With the MGA of 1955, BMC finally shed MG’s antiquated image once and for all. The long-running T-Series served the marque incredibly well, and the cars helped create the foundation of the British sports car craze in America. However, by the 1950s, the TF was long in the tooth, and the quaint, prewar-inspired styling grew dated in the eyes of some buyers. With all-new, fully enveloped bodywork, and graceful, curvaceous form, the MGA arrived with much celebration. Power came from the new “B-Series” pushrod inline-four from BMC, and the MGA was an instant success, propelling MG into the next decade. Creating a successful follow-up to the MGA was bound to be a challenge, but designers felt buoyed by the momentum they created with the car, and their confidence reflects in the MGA’s replacement, which debuted in the second half of 1962.
Introduced in September of 1962, the MGB picked up where the MGA left off, and it turned out to be an even greater success than its predecessor. It had crisp, slab-sided styling that was simple, yet sophisticated, with an overall more upscale and modern appearance. Engineers employed unibody construction for the first time, with the live rear axle supported by leaf springs bolted to the shell, and a sub-frame supporting the independent front suspension. The arrangement was simple but highly effective, giving the MGB predictable handling that was more than a match for the 95 horsepower, 1.8-liter inline-four. While the B wasn’t notably faster than the A, it offered superior comfort, build quality, and high-speed handling. In the first full year of production, MG saw more than 30,000 cars sold, representing a whopping 75% increase in output over the MGA. The following year was even better, with nearly 40,000 cars built and the vast majority of them destined for export. Sales remained healthy for most of the MGB’s impressive eighteen-year production run. From May of 1962 through April 1965, the MGB had pull-style exterior door handles, which then changed to the more conventional pushbutton type. Enthusiasts consider pull-handle cars to be the purest form of the MGB roadster and count among the most desirable of the whole range. Over the years and through numerous variants, the MGB earned a place as one of the most iconic, widely cherished British roadsters of all time, with over a half-million produced, and a loyal following of passionate enthusiasts.
This 1963 MGB is a rare and desirable early “pull-handle” model from the first full year of production. This beautiful car is the recipient of an extensive, high-quality restoration finished attractively in black over a red interior. It has seen regular enjoyment and attentive maintenance in the hands of the most recent owner and remains a marvelous example. The black paintwork is smooth and glossy, with some minor polish marks in the finish and one small bubble noted near the beltline molding. Body fit is exemplary, and the panels are superbly straight and crisp, pointing to a very high-quality preparation. Doors open and shut with a precise feel, and panel gaps are tight and consistent. Bumpers, body side-moldings and exterior trim are in superb order, adding a bright pop against the black paint. Chrome knock-off wire wheels with black wall radial tires round out the beautiful presentation.

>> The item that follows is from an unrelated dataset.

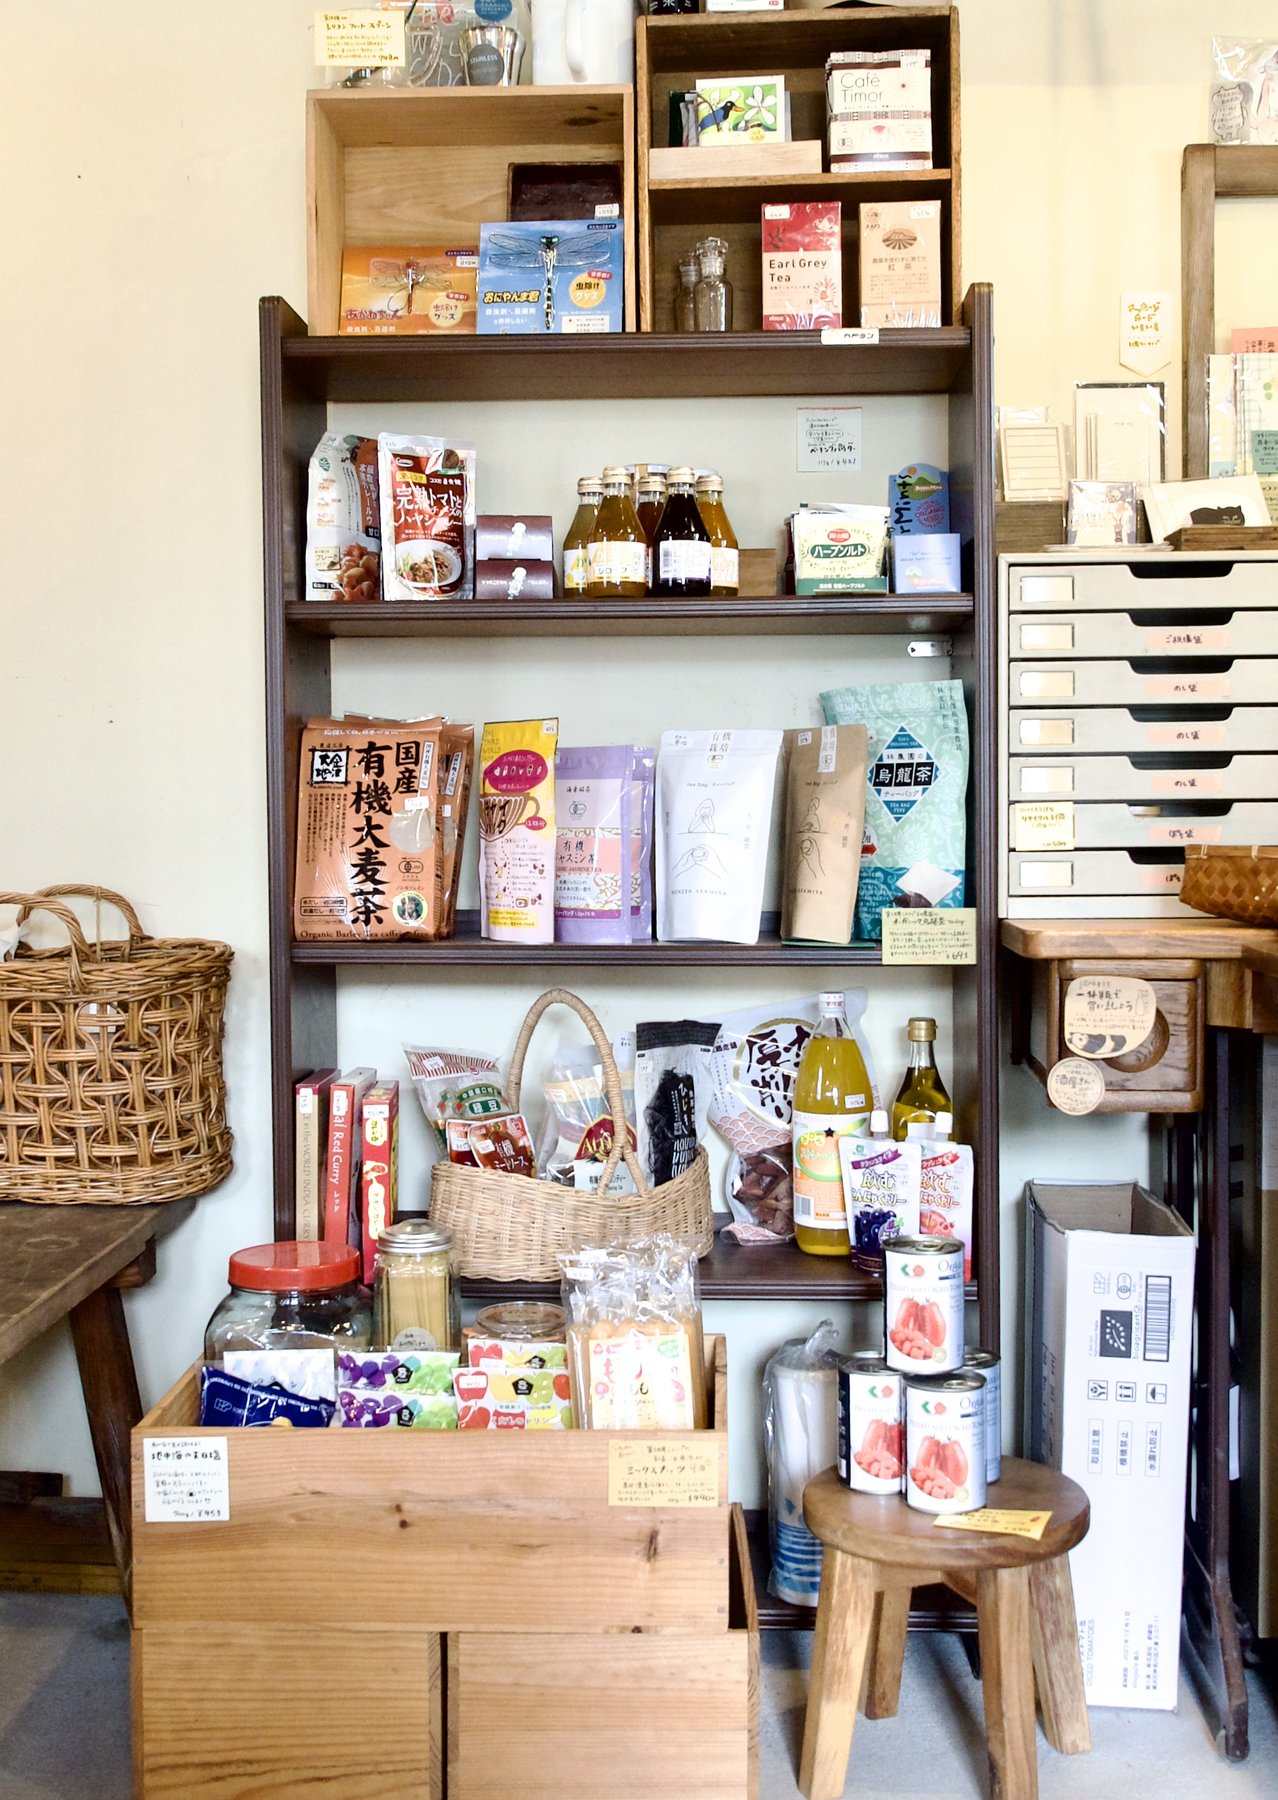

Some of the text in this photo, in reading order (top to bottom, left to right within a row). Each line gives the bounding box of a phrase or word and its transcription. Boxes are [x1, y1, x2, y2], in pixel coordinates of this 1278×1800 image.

The MGB offered vastly improved interior accommodations over the MGA, with roll-up windows, roomy seats, and a considerably more modern feel overall. This car’s gorgeous red upholstery features black piping on the seats, with matching red carpets in factory-correct materials. A notable feature of early cars such as this is the body-color steel dash, housing an array of toggle switches and simple, easy to read Smiths instruments. Switchgear and controls all appear in excellent condition, including the heater controls which move smoothly and easily without binding. The factory-correct three-spoke banjo steering wheel and shift knob maintain the period-correct charm in the cockpit. Lastly, there is a newer black vinyl top in excellent condition, with a matching top boot to keep things neat and tidy.
The engine bay is superbly detailed, with correct hardware, labels, and detailing on the original, numbers-matching 1,798 cc four-cylinder. A chrome Coopers air cleaner feeds two SU carburetors, and a stainless steel exhaust system delivers an addictive and throaty note. Presentation under the bonnet is outstanding, with just some slight baking-off of the paint here and there from regular heat cycling.
Given the MGB’s long production run and cult-like popularity, it has long been one of the foundational cars of the car collecting and restoring hobby. Many enthusiasts cut their teeth working on MGBs, and a good many have amateur level refurbishments of varying degrees. This example, by contrast, has a superb, professional-quality restoration maintained in excellent condition by a dedicated collector. It is a marvelous example of the quintessential British roadster, gently mellowed and ready for fun on rallies, tours, and club-level concours events.